The U.S. Department of Health and Human Services is hosting another Chronic Fatigue Syndrome Advisory Committee (CFSAC) Meeting this week, Tuesday through Thursday, in Washington, DC. I had hoped to go, but I'm on my own with the kids this week, so I can't risk the almost-certain crash that would likely result.
Fortunately, there's an alternative for those of us who can't manage a trip to DC - the entire 3-day meeting will be broadcast live through the internet - tune in at this webpage. Of particular interest is tomorrow's agenda - for the first time ever, the CFSAC is starting with a Science Day - a day filled with informative presentations from some of CFS's top doctors and researchers (including one on XMRV). Check out the all-star line-up on the agenda.

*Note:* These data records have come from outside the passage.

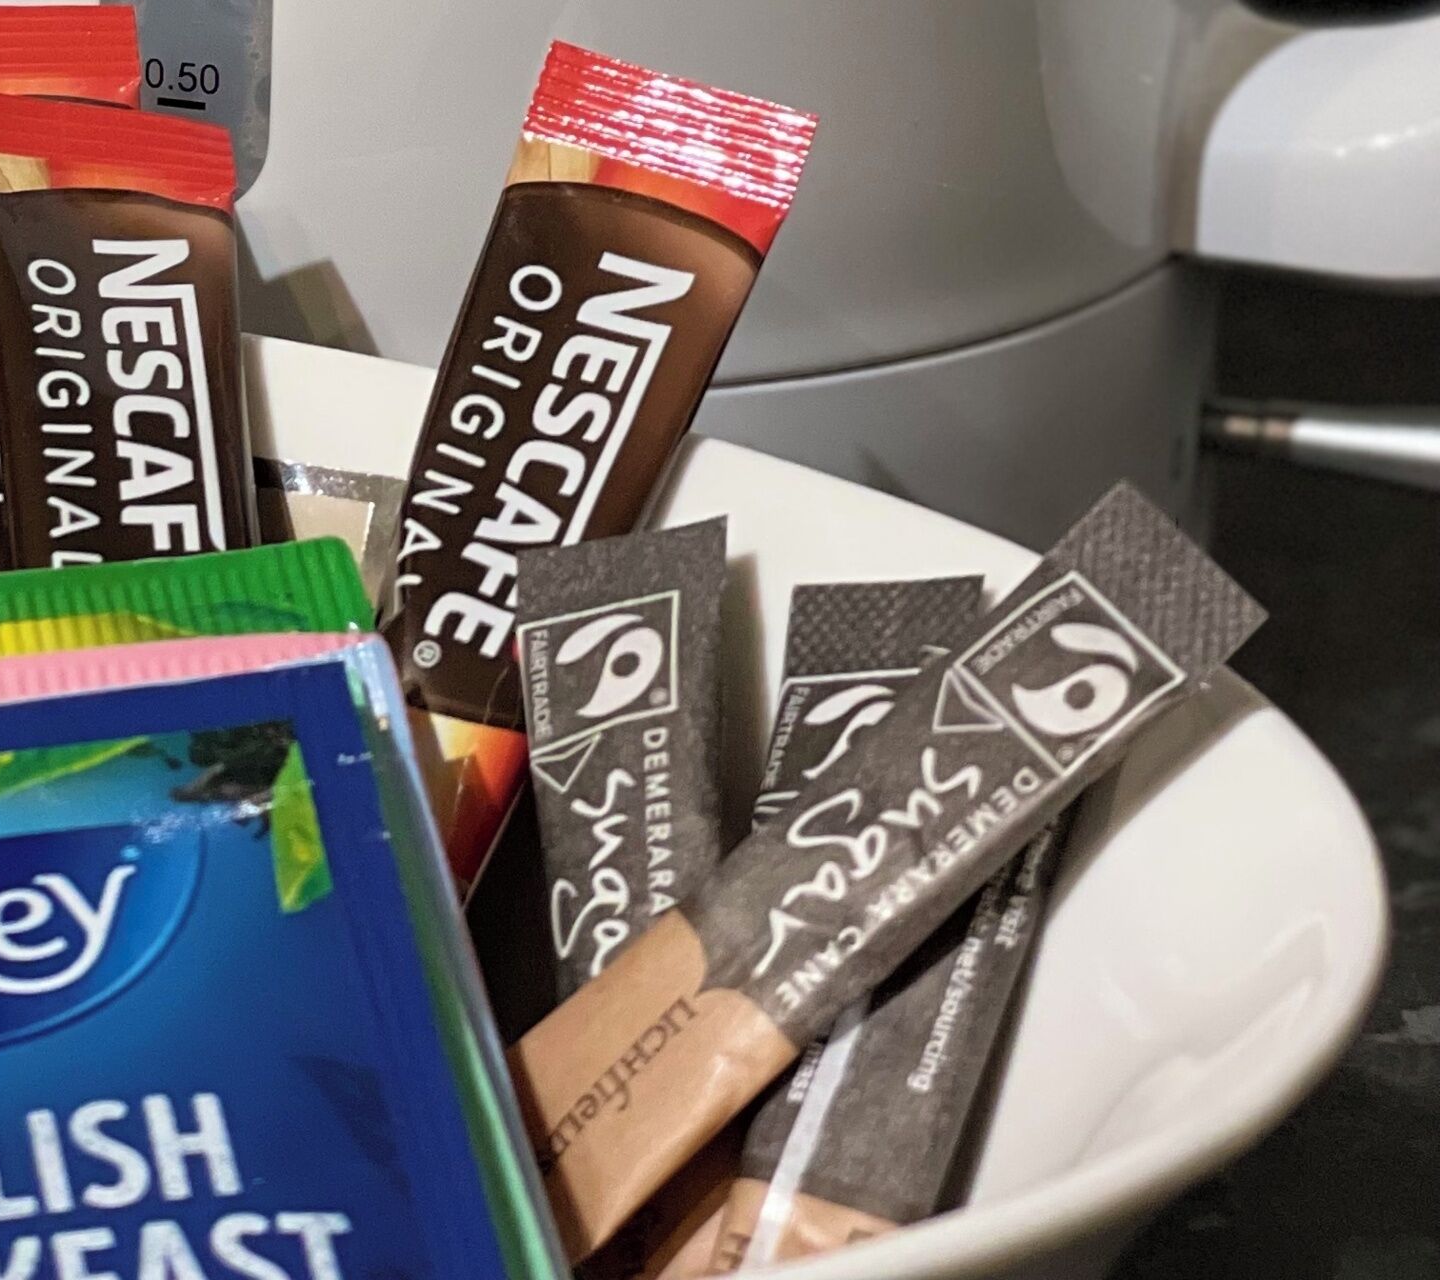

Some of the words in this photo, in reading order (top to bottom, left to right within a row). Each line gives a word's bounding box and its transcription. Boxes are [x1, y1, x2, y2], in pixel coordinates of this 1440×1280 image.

[144, 58, 220, 95] 0.50
[27, 258, 104, 570] ORIGINAL
[92, 239, 227, 553] NESCAF
[529, 628, 556, 740] FAIRTRADE
[551, 767, 637, 978] Suga
[642, 726, 678, 917] DEMERARA
[864, 764, 1044, 920] DEMERARA
[775, 925, 865, 1012] CANE
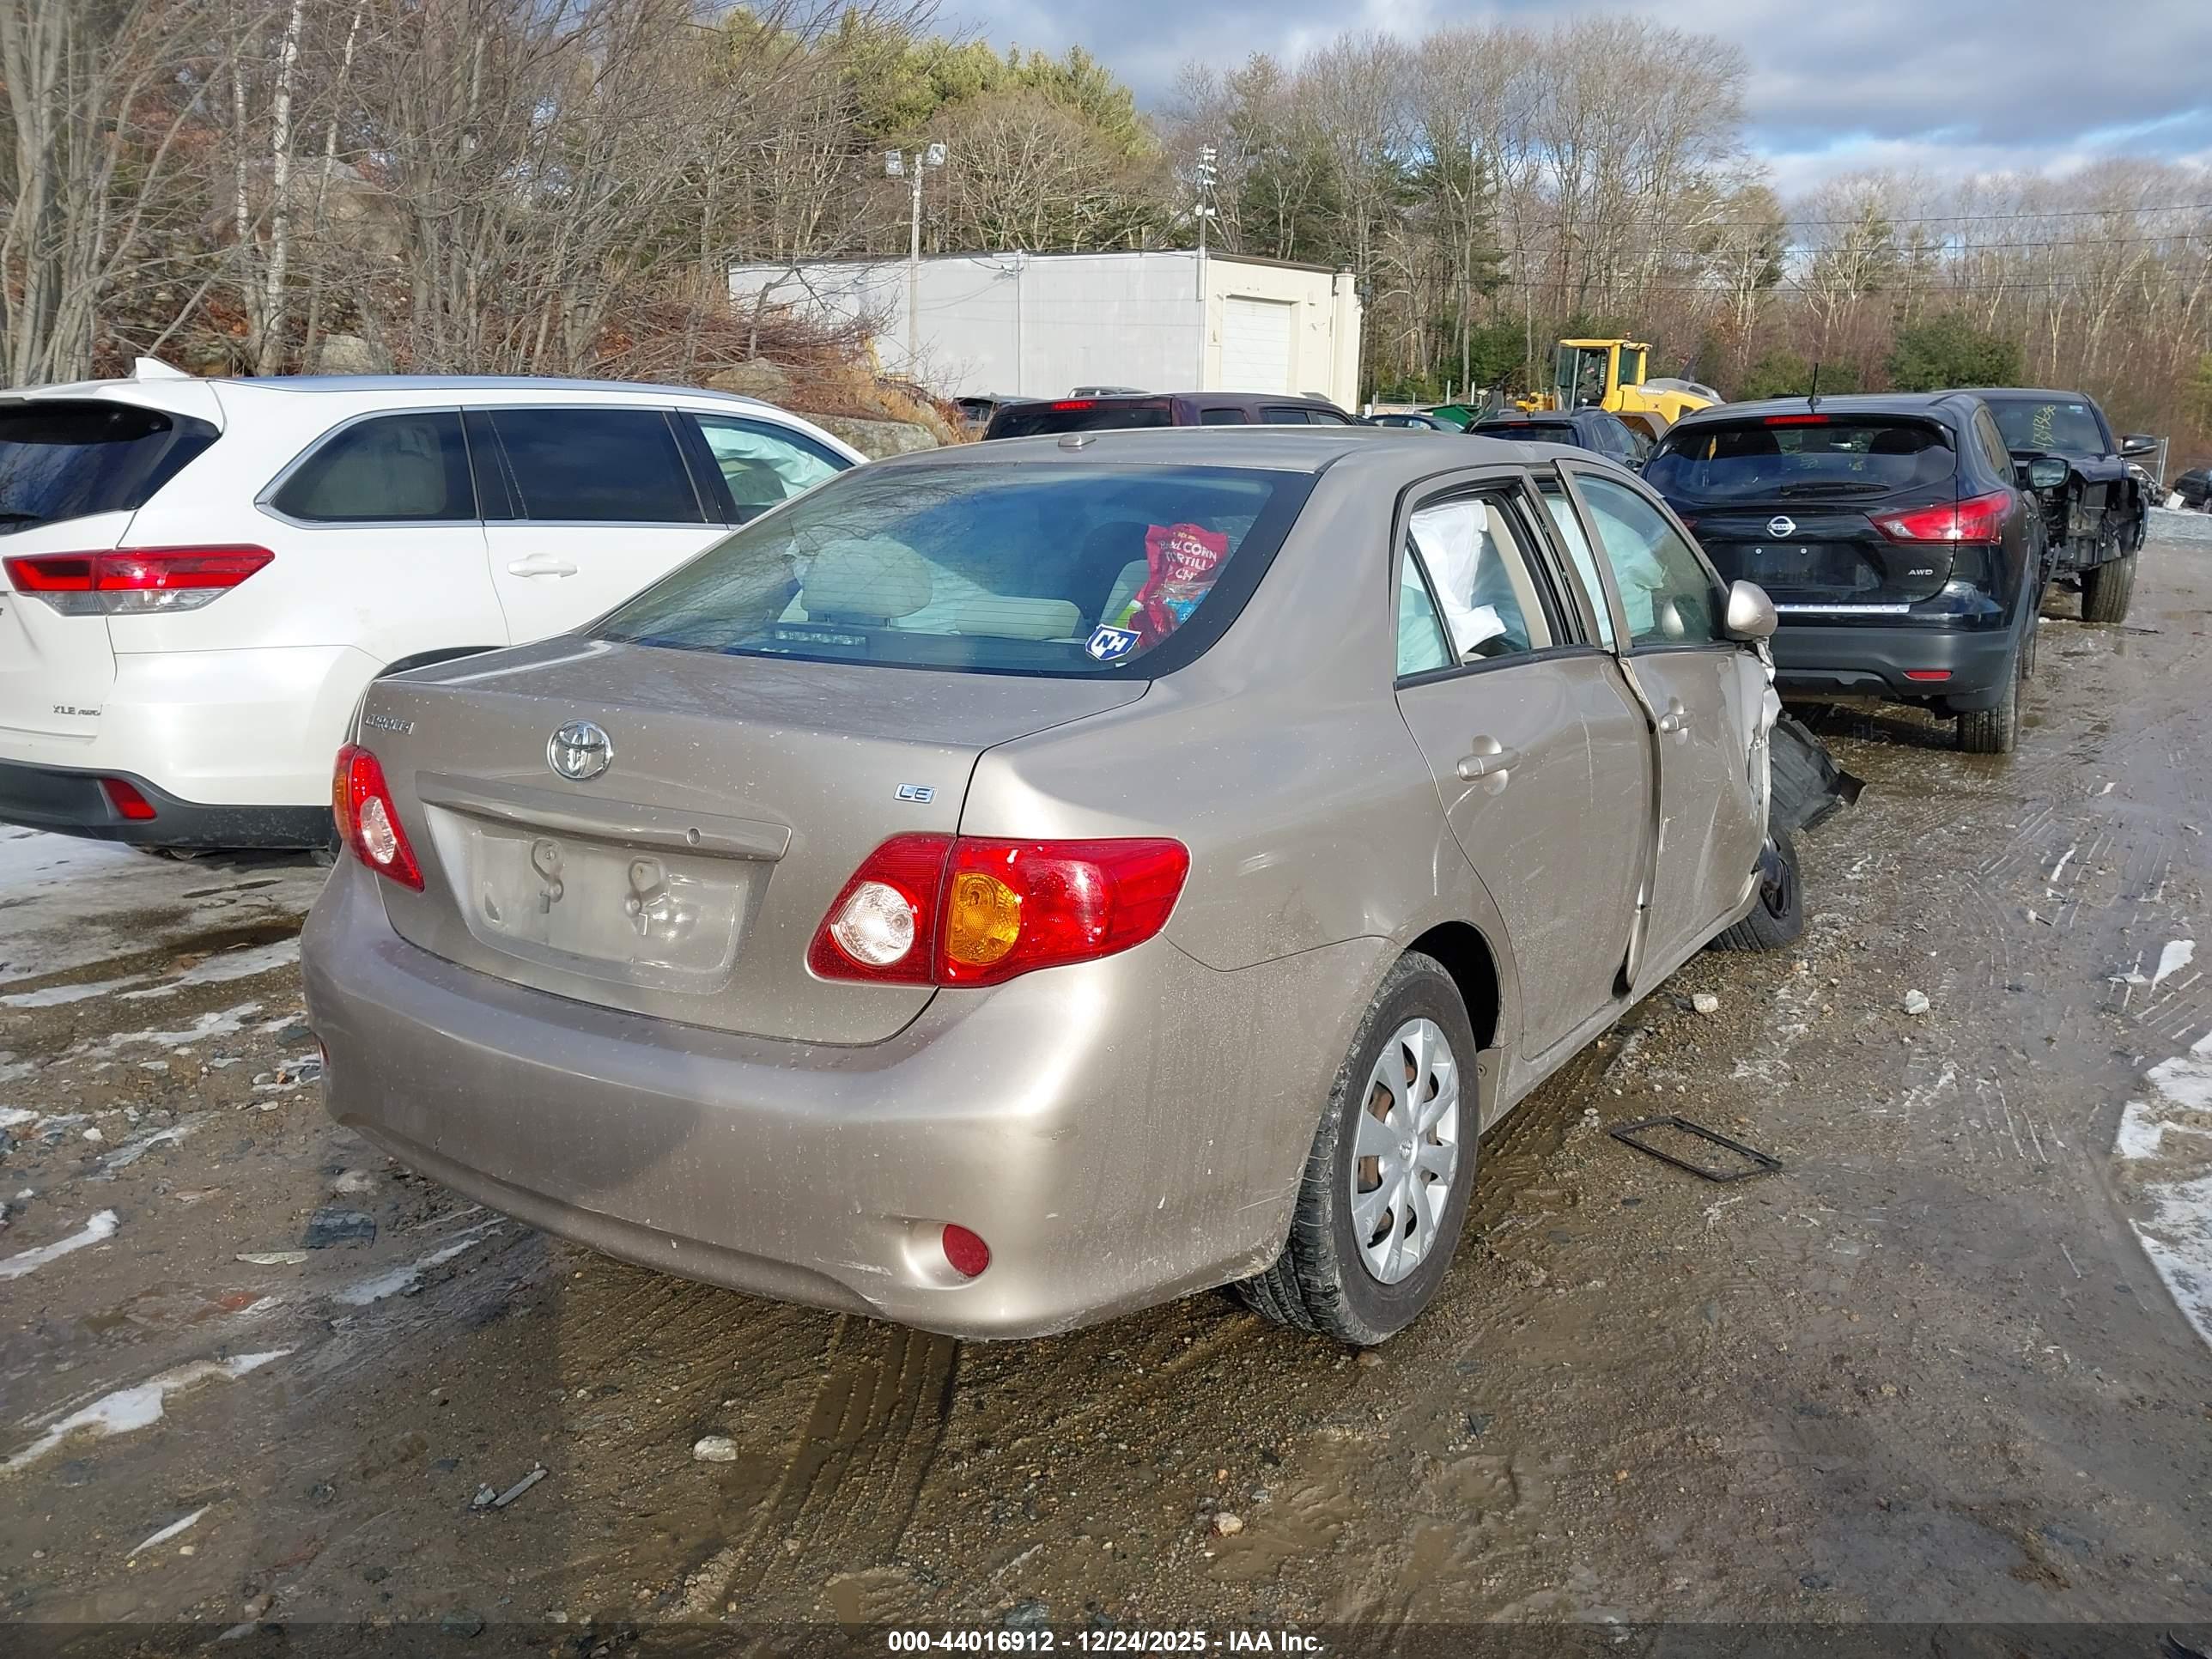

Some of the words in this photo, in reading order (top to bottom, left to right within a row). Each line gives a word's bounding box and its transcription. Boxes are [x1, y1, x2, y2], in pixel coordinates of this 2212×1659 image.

[1182, 541, 1218, 562] CORN
[52, 705, 76, 715] XLE
[899, 785, 931, 800] LE

So, I plan to tune in for much as I can tomorrow (working around nap time, of course) and parts of the next two days, as well (especially the public comment periods). A friend of mine is attending and giving public testimony; she's one of our local CFS group and has two teen sons with severe CFS. I'm sorry I couldn't accompany her to the meeting, but the videocast seems like the next best thing!

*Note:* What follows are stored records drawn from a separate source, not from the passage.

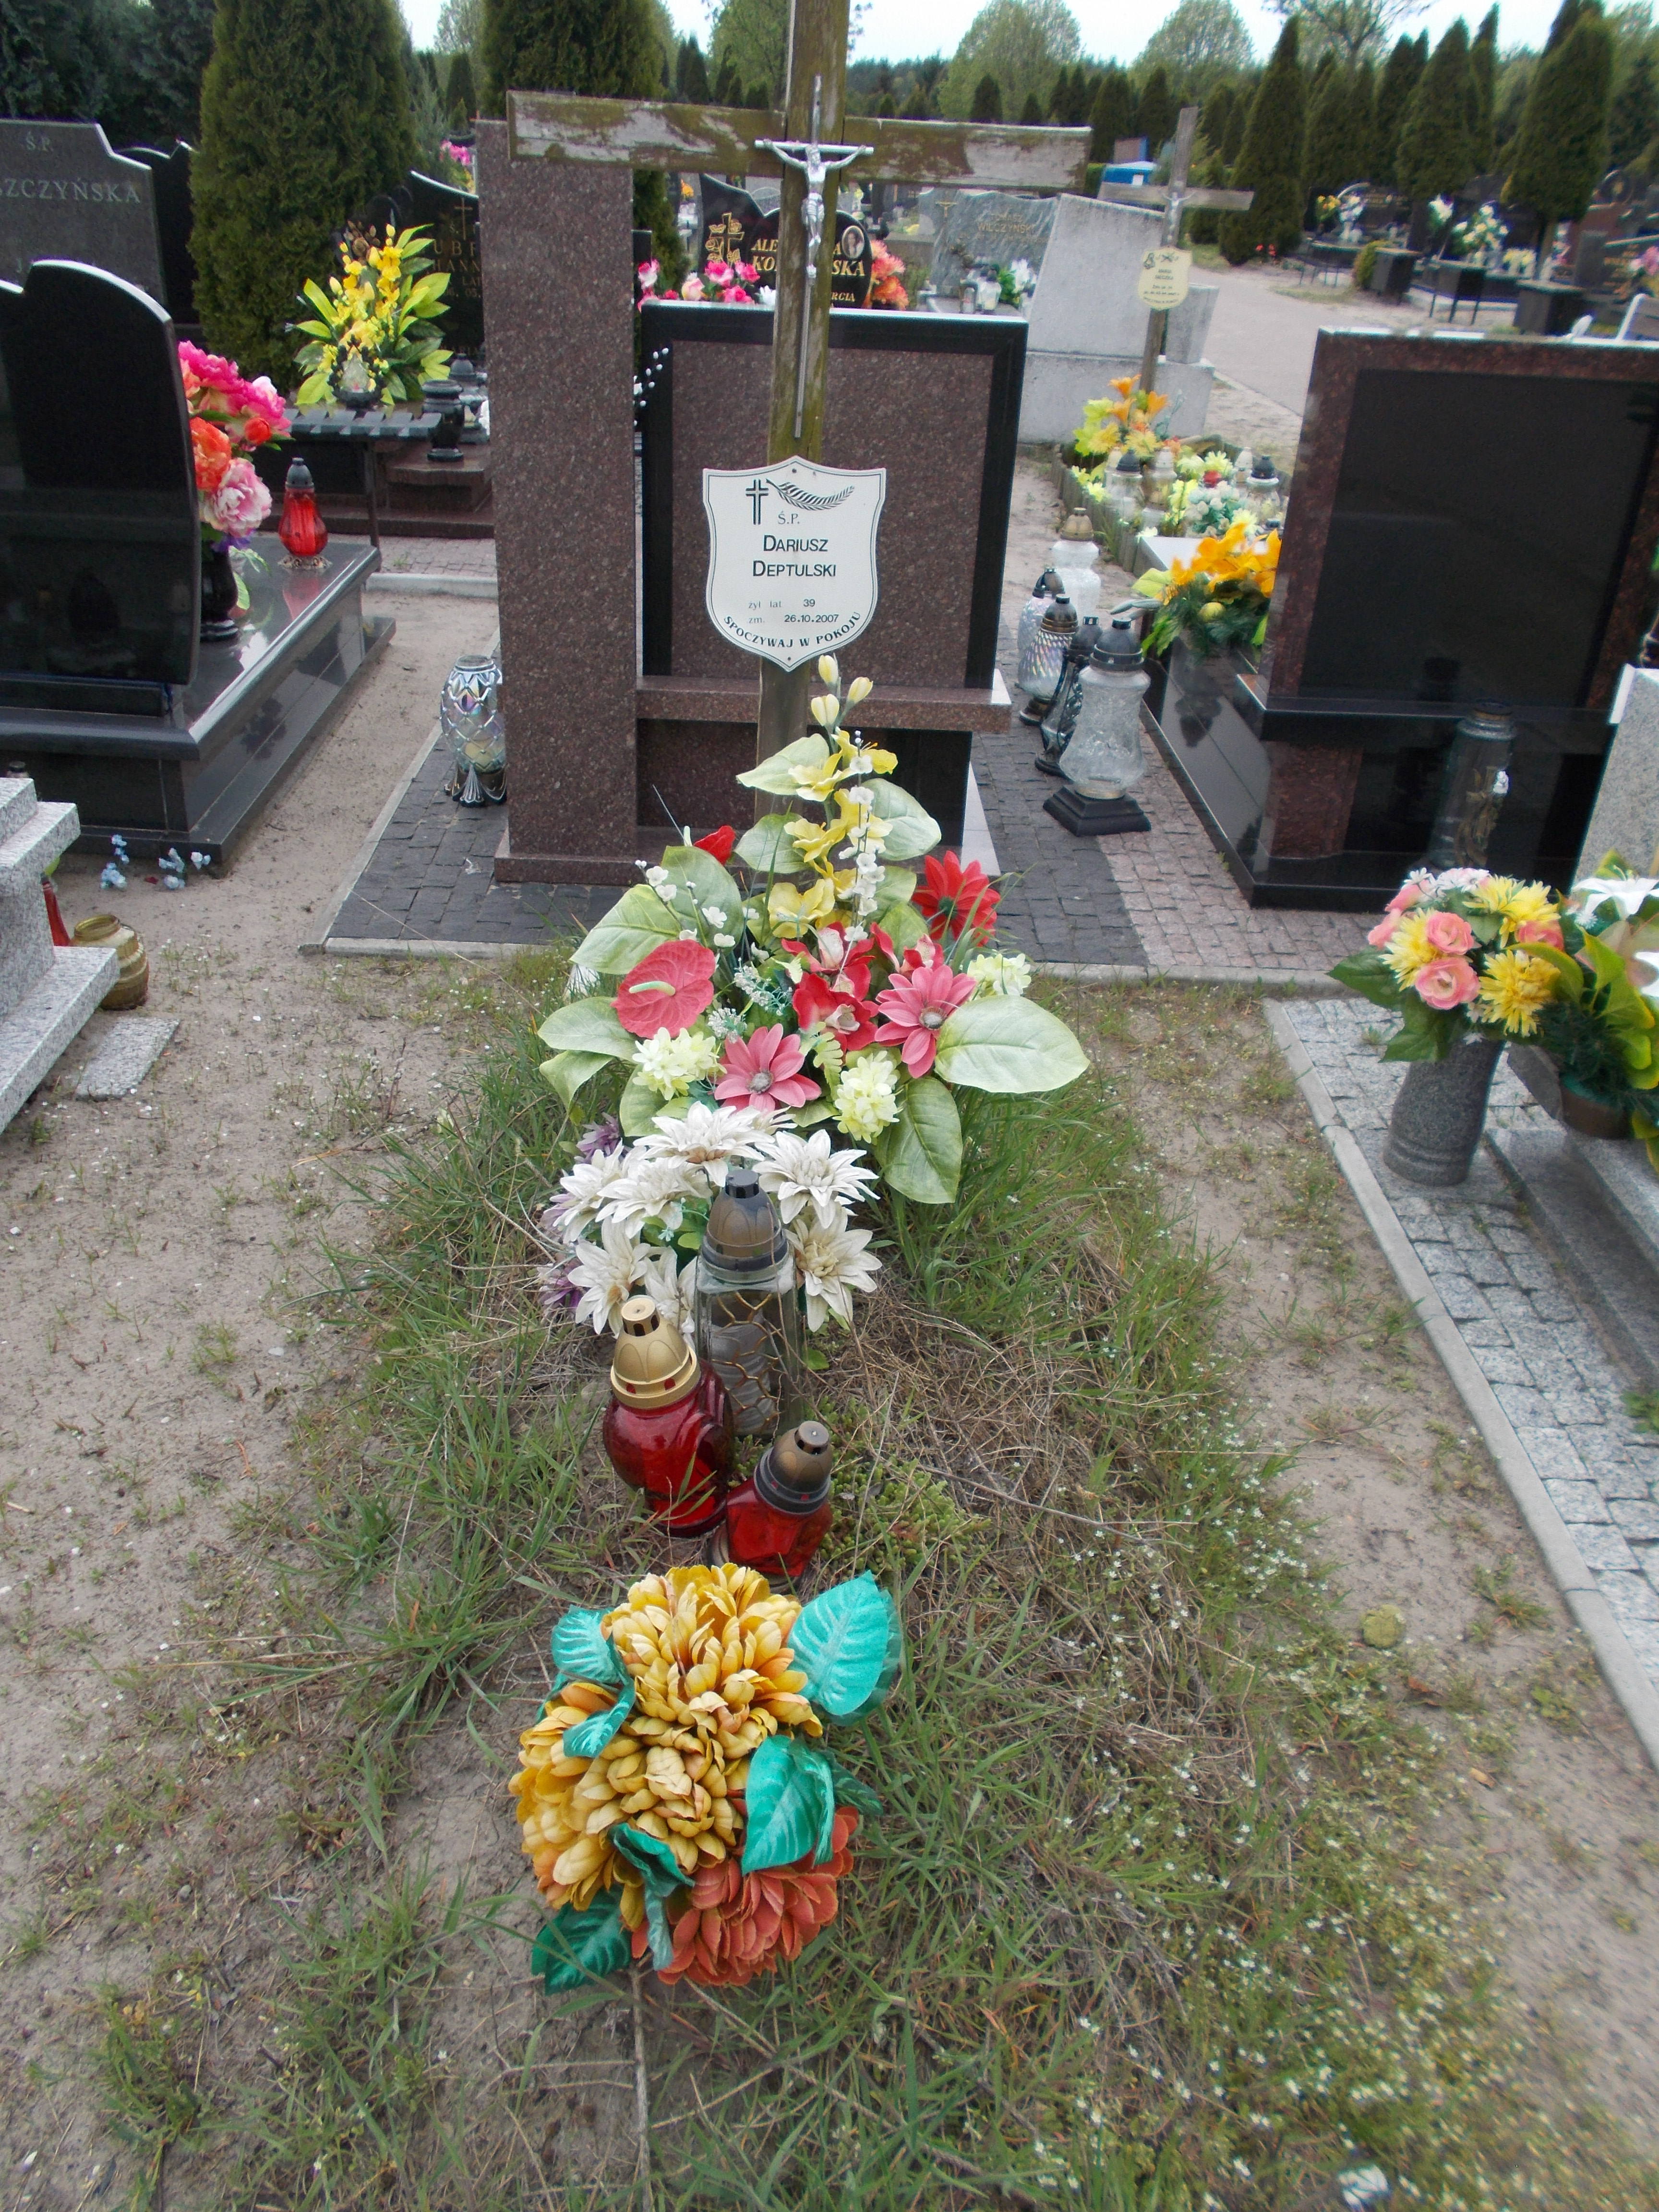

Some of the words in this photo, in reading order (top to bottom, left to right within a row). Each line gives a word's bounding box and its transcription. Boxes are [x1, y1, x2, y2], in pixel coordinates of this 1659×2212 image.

[0, 177, 141, 204] ZCZYŃSKA
[778, 510, 800, 525] Ś.P.
[804, 599, 816, 607] 39
[784, 614, 839, 623] 26.10.2007
[724, 616, 793, 648] SPOCZYWAJ
[800, 638, 810, 647] W
[816, 612, 861, 645] POKOJU

I have had Myalgic Encephalomyelitis/Chronic Fatigue Syndrome (ME/CFS) since March 2002. Both of my sons also got ME/CFS at ages 6 and 10. Our younger son fully recovered after 10 years of mild illness. Our older son still has ME/CFS and also has Lyme disease plus two other tick infections. This blog is about how our family lives with chronic illness, with a focus on improving our conditions and enjoying our lives in spite of these challenges.
1 comment:
Thanks for letting us know. I'll try and watch some of it. I've got a lot of doc stuff this week so I will probably miss a lot of it. Please post anything that is particularly interesting. Thanks!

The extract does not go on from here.